You see, perhaps it's not that consumerism and pop culture are the problem, but consuming the wrong pop culture is. Robby Rackleff/Blue Leader's "Castle Leader: Tournament" is a hodgepodge of gaming mags, gaming paraphernalia, Legos, and video that embraces a popular culture, just not the one of American Idol. Elsewhere, such alternacelebrations pop up in the self-satisfied videos of Ray Roy (bong-hit silly internet phenom "Hamster Dance") and Jimmy Joe Roche ("Mixed Nuts," a lesser riff on his fabulous "Ultimate Reality").
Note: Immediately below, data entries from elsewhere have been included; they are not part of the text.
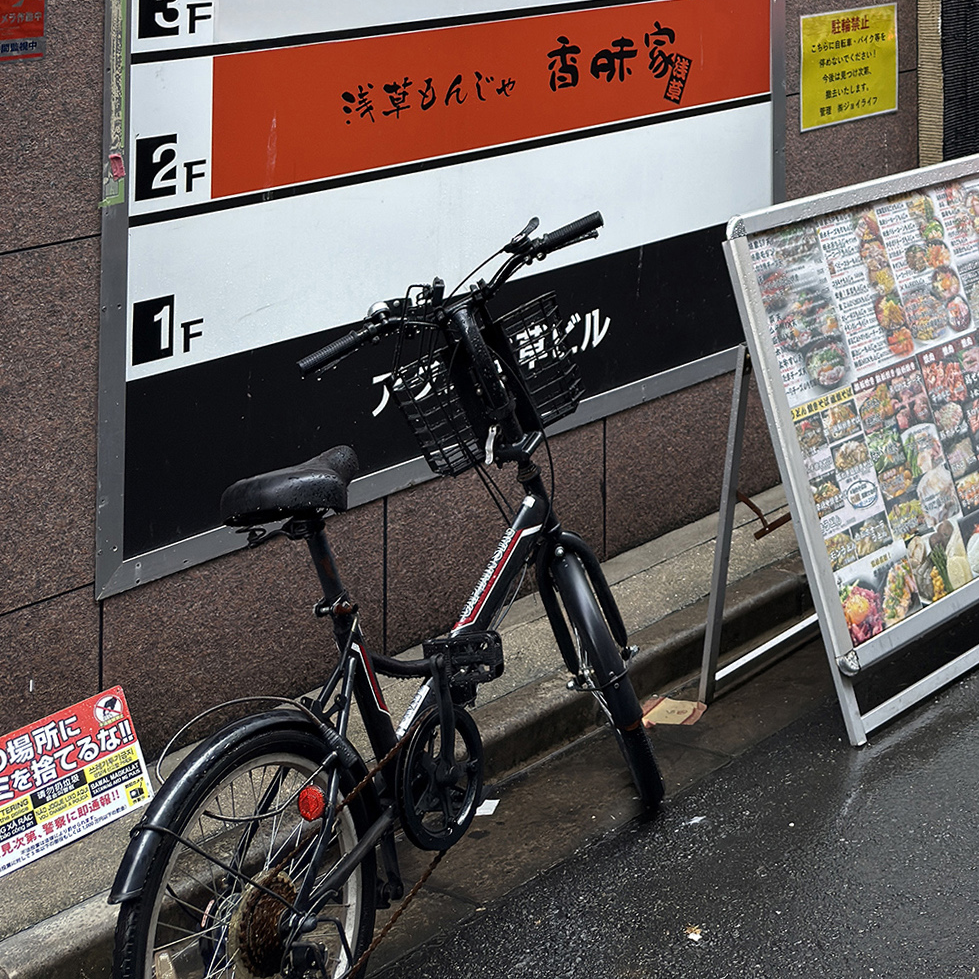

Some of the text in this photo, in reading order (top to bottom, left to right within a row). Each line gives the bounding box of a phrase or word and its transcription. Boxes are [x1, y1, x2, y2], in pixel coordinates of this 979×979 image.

[811, 32, 886, 53] こちらに自転車・バイク等を
[831, 15, 869, 35] 駐輪禁止
[341, 21, 676, 125] 浅草もんじゃ 香味家
[146, 140, 206, 196] 2F
[146, 302, 204, 354] 1F
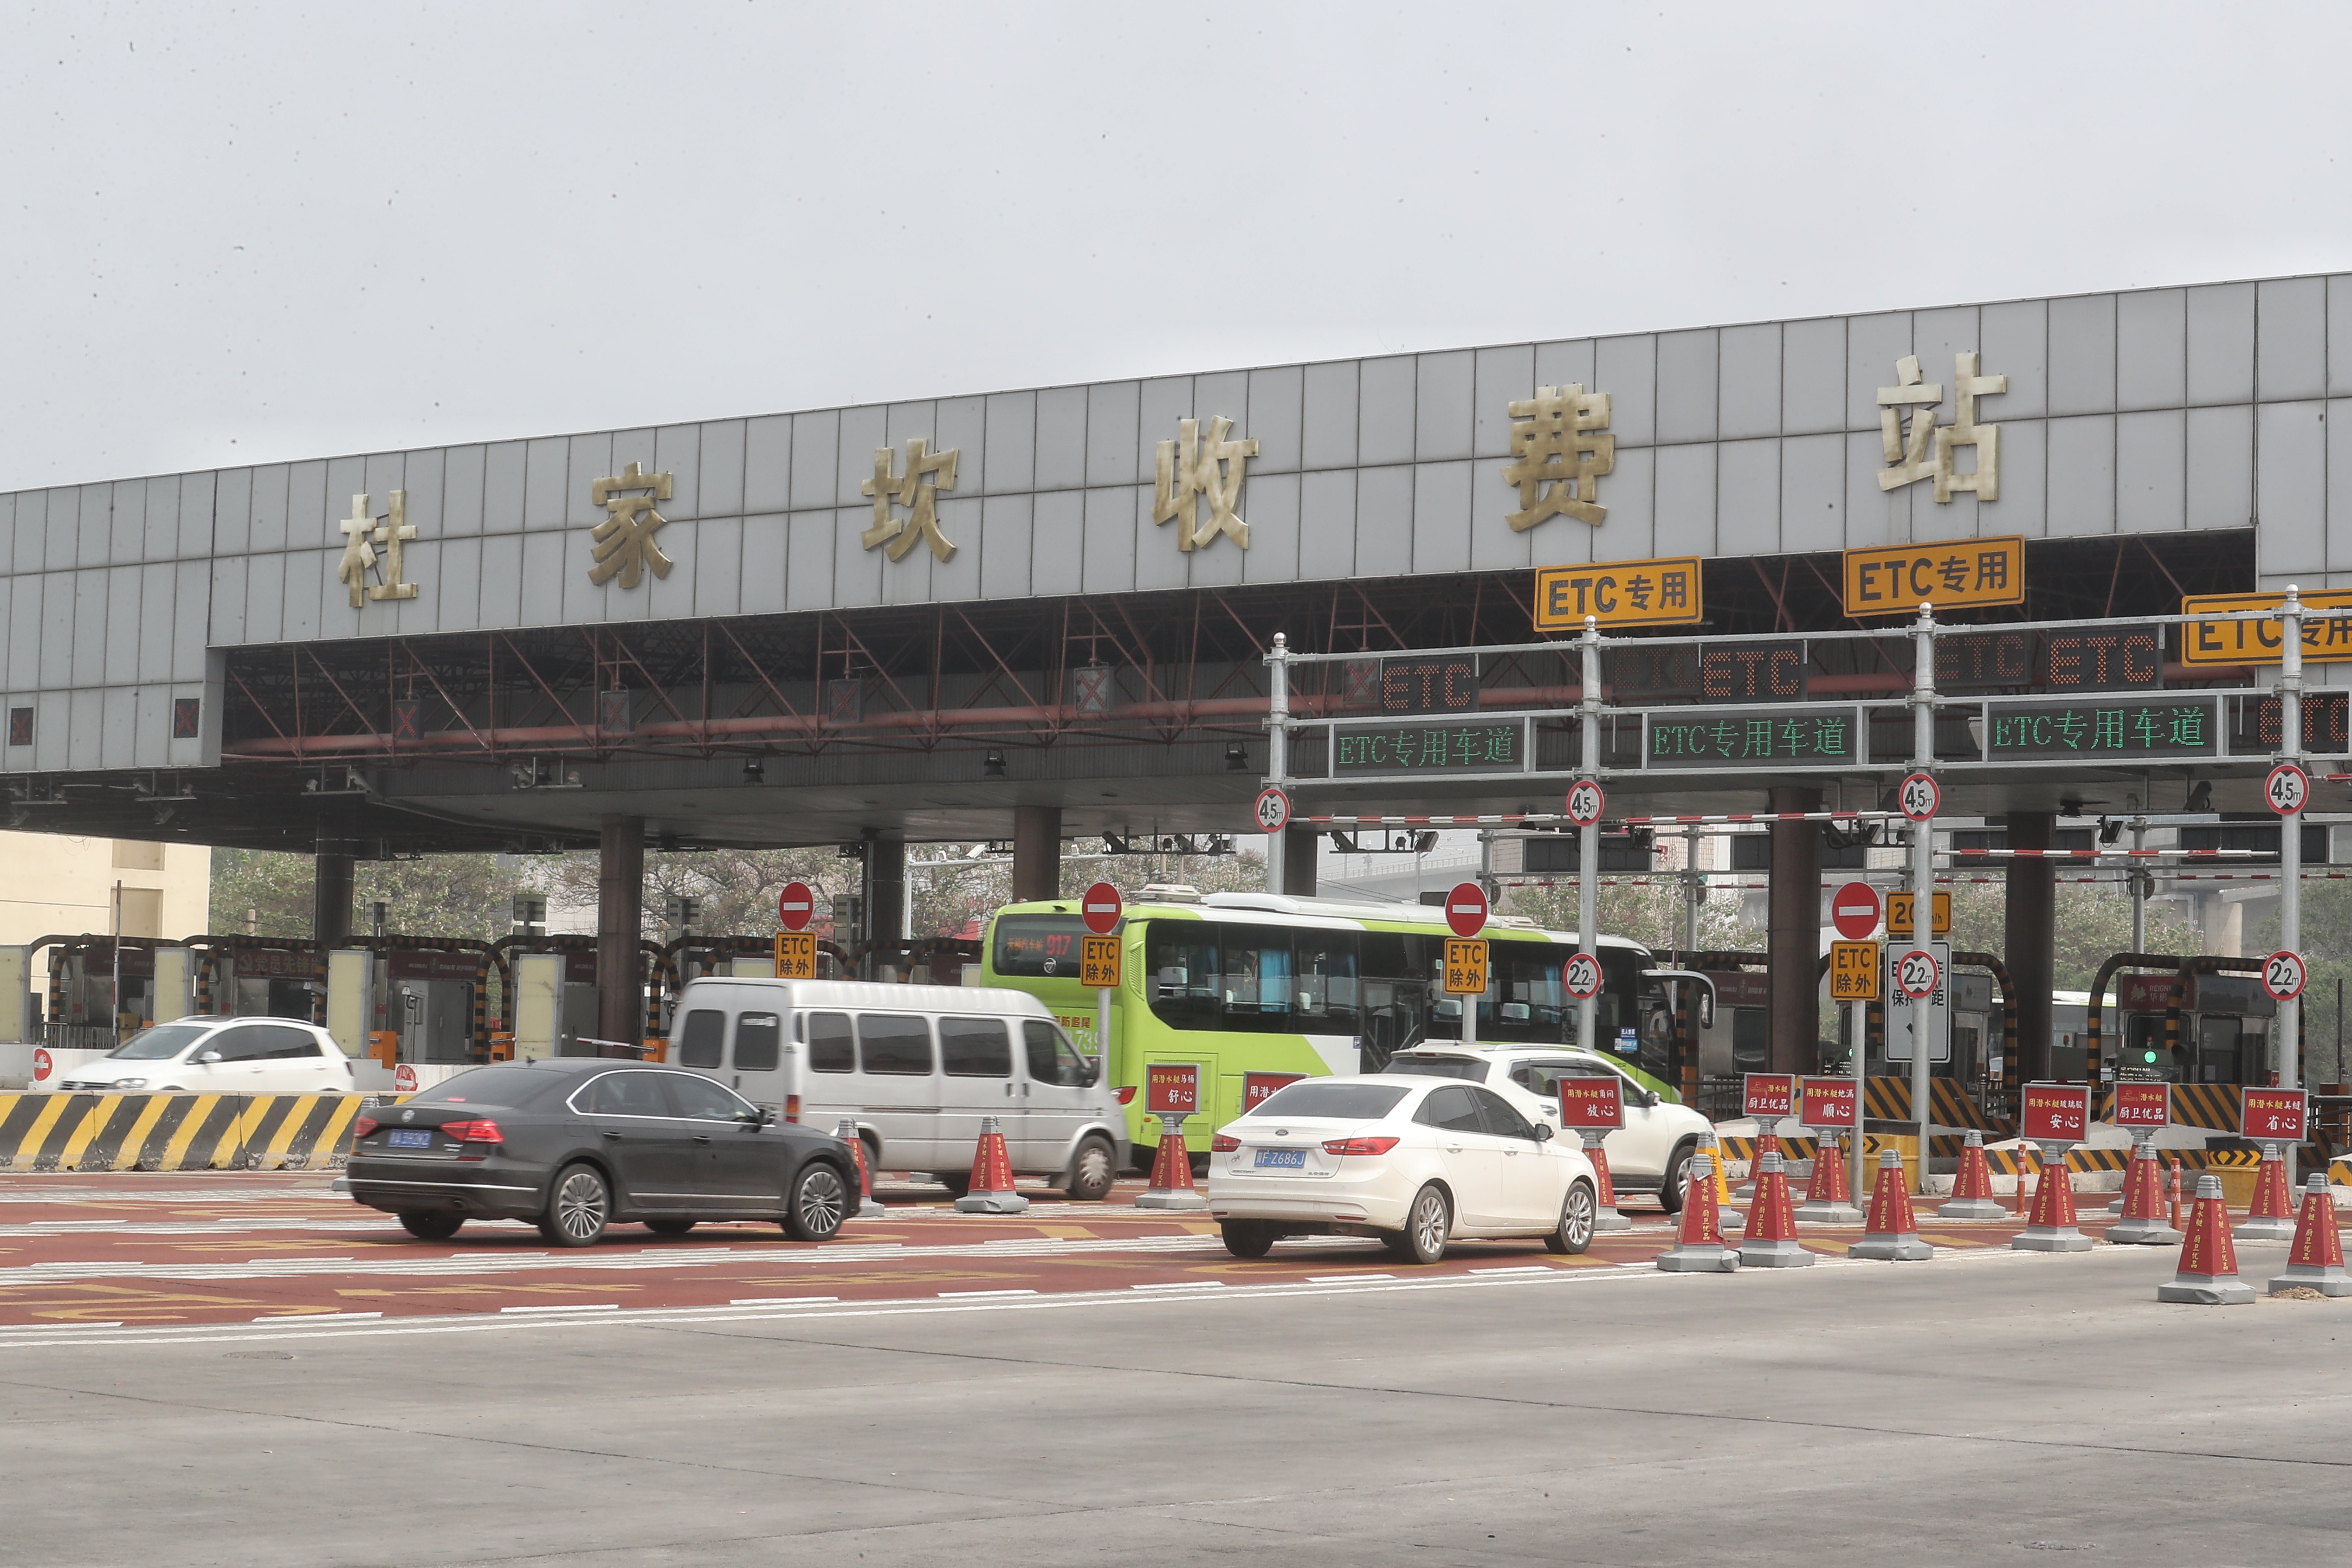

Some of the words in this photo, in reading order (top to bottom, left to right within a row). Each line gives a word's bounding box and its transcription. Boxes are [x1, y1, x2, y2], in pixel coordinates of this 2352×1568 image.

[1859, 551, 2007, 601] ETC专用
[2050, 636, 2154, 685] ETC
[1703, 651, 1799, 696] ETC
[1383, 664, 1471, 709] ETC
[1654, 717, 1846, 757] ETC专用车道
[1995, 707, 2205, 749] ETC专用车道
[1339, 726, 1514, 767] ETC专用车道
[1905, 786, 1932, 807] 4.5m
[2270, 778, 2300, 801] 4.5m
[1259, 794, 1283, 820] 4.5m
[1571, 793, 1598, 814] 4.5m
[782, 938, 808, 955] ETC
[1046, 935, 1072, 955] 917
[1087, 942, 1115, 959] ETC
[1450, 945, 1481, 964] ETC
[780, 959, 809, 975] 除外
[1838, 948, 1871, 968] ETC
[1086, 964, 1114, 981] 除外
[1449, 968, 1480, 987] 除外
[1570, 965, 1595, 986] 2.2m
[1904, 962, 1932, 985] 2.2m
[2269, 963, 2299, 985] 2.2m
[1836, 973, 1871, 994] 除外
[1892, 989, 1944, 1007] 保持距
[1152, 1074, 1195, 1084] 用潜水艇马桶
[1768, 1084, 1788, 1093] 潜水艇
[1168, 1089, 1193, 1103] 舒心
[1807, 1088, 1854, 1098] 用潜水艇地漏
[2140, 1093, 2163, 1102] 潜水艇
[1587, 1104, 1614, 1117] 放心
[1748, 1097, 1788, 1110] 厨卫优品
[1822, 1103, 1850, 1118] 顺心
[2248, 1098, 2301, 1110] 用潜水艇美缝
[2050, 1114, 2080, 1129] 安心
[2119, 1107, 2164, 1120] 厨卫优品
[2266, 1115, 2297, 1131] 省心
[1701, 1179, 1710, 1240] 潜水艇·厨卫优品
[2191, 1202, 2204, 1268] 潜水艇·厨卫优品
Polaroid photos from various exhibited artists/members of the hivemind from Whartscape 2006 remind you of who is really on view here.

Which is not to say that everything here is subpar, just that the follow-through isn't as complete as it could have been. In fact, some of the pieces navigate the show's mission quite adroitly. Alexander Skarlinski's "Suits for Paris," a photographic series about the artist's plans to finance a Paris trip by reselling clothing, dryly comments on a marketplace that locates resalable value in used objects. Jeremy Rountree's "Never Remember" digital print takes what could be a found image of what looks like a tropical rain forest and superimposes the title across its bottom, a coyly subtle reminder of what rampant consumerism of certain products often adversely affects. And Dina Kelberman's wonderful constructions "Guitar" and "Dolphin" greet visitors in the front gallery, as her color-titled shirts and pants costume combos--"Green," "Yellow," etc.--hang on racks around the corner. The three-dimensional "Guitar" and "Dolphin" are as wittily alive as "Green," et al. can't be, and the juxtaposition of the two is as good a reminder as any that, sometimes, transporting your relentlessly alive underground zeal into the prim and proper white-walled market of the so-called establishment just sucks the life right out of it.